5. A clamping device for testing flow batteries according to claim 4, characterized in that: The clamping assembly (6) includes three clamping plates (61), which are fixedly connected to the top of three movable plates (56). Springs (64) and pressure sensors (63) are fixedly connected to the inner sides of the three clamping plates (61). Anti-slip plates (62) are fixedly connected to the other ends of the springs (64) and pressure sensors (63). The clamping plates (61) and anti-slip plates (62) are both arc-shaped.
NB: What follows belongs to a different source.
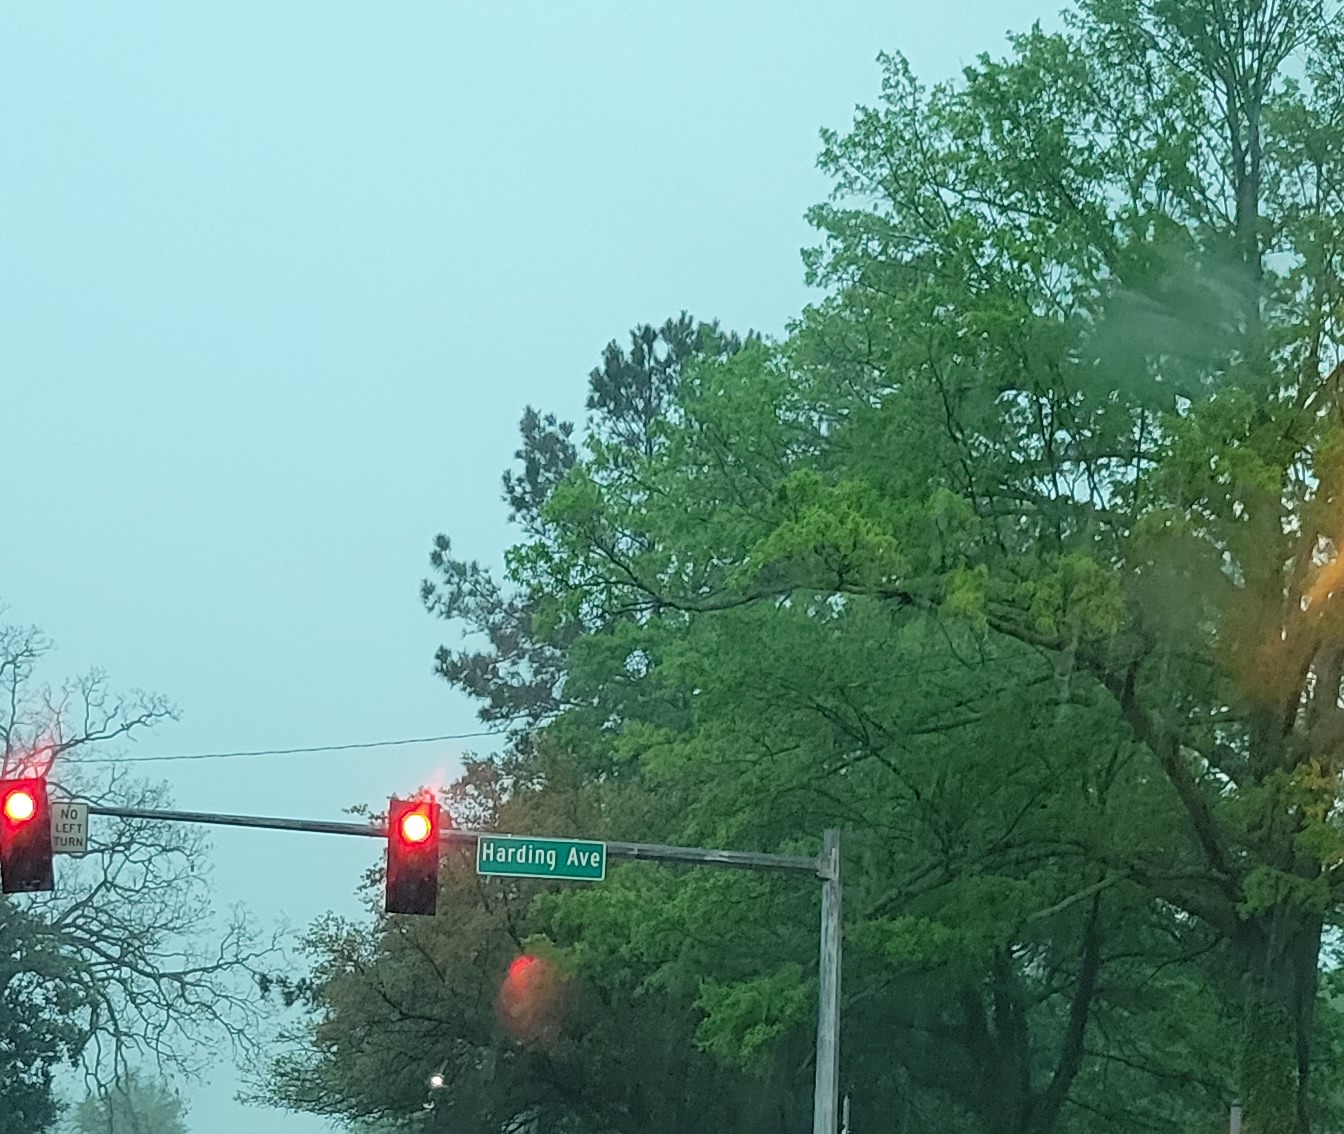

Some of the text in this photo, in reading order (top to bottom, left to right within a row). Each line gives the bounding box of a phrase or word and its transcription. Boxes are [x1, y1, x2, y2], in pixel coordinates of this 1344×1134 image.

[60, 808, 78, 820] NO
[56, 823, 82, 834] LEFT
[54, 836, 83, 847] TURN
[482, 842, 600, 871] Harding Ave
6. The clamping device for flow battery testing according to claim 4, characterized in that: The top of the support platform (46) has two sliding grooves (10), and a slider (11) is slidably connected in the sliding grooves (10). The slider (11) is fixedly connected to the bottom of the operating table (51).

7. A clamping device for testing flow batteries according to claim 2, characterized in that: Brake wheels (1) and rollers (2) are fixedly installed at the four corners of the bottom of the shock-absorbing base (32).